Extracted data entries
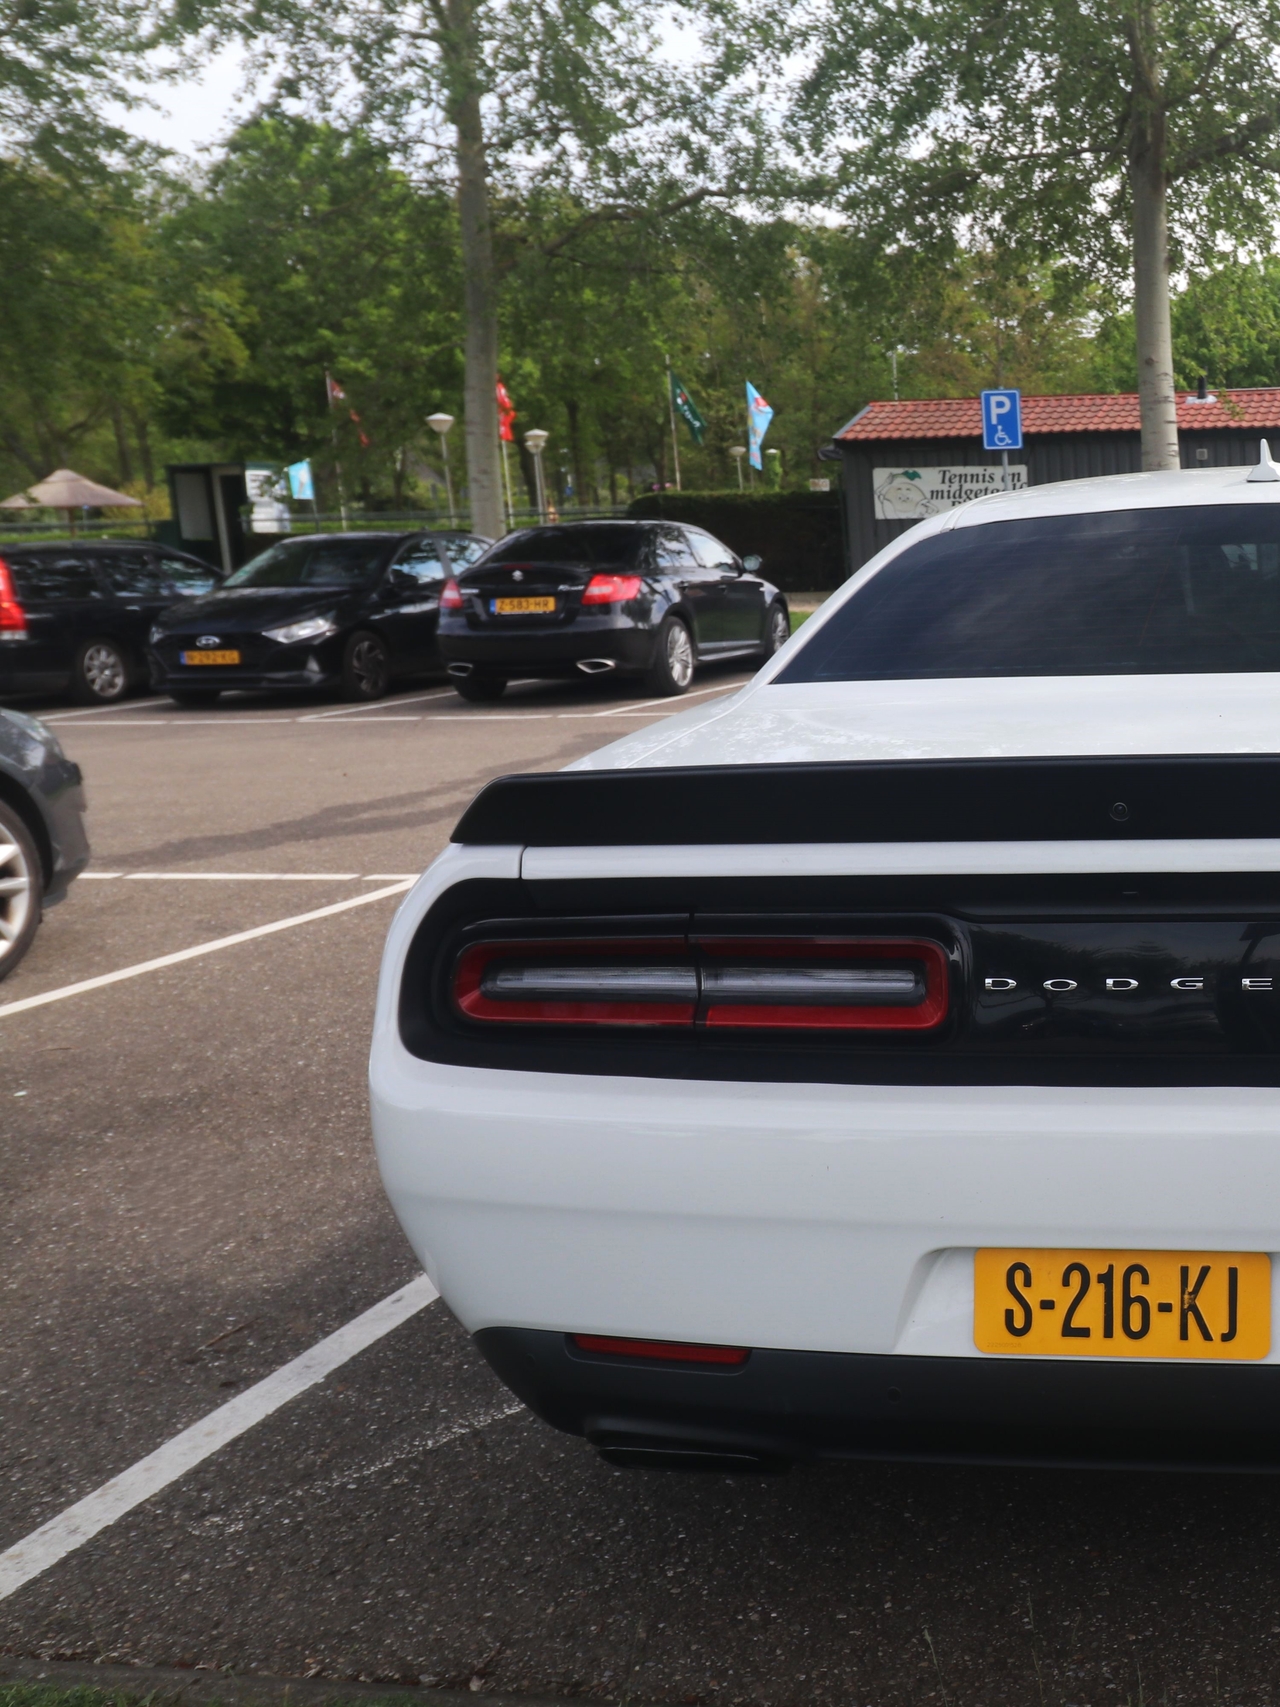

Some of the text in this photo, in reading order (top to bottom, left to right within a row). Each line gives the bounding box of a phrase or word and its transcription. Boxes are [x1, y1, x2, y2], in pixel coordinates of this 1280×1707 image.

[990, 395, 1011, 425] P
[938, 468, 995, 484] Tennis
[984, 977, 1273, 991] DODGE
[1004, 1261, 1239, 1343] S-216-KJ

▶ _WHAT TO DO_
Return the entries above exactly, skipping any images.

▶ _ANSWER TO THIS PROBLEM_
Some of the text in this photo, in reading order (top to bottom, left to right within a row). Each line gives the bounding box of a phrase or word and its transcription. Boxes are [x1, y1, x2, y2], in pixel coordinates of this 1280×1707 image.

[990, 395, 1011, 425] P
[938, 468, 995, 484] Tennis
[984, 977, 1273, 991] DODGE
[1004, 1261, 1239, 1343] S-216-KJ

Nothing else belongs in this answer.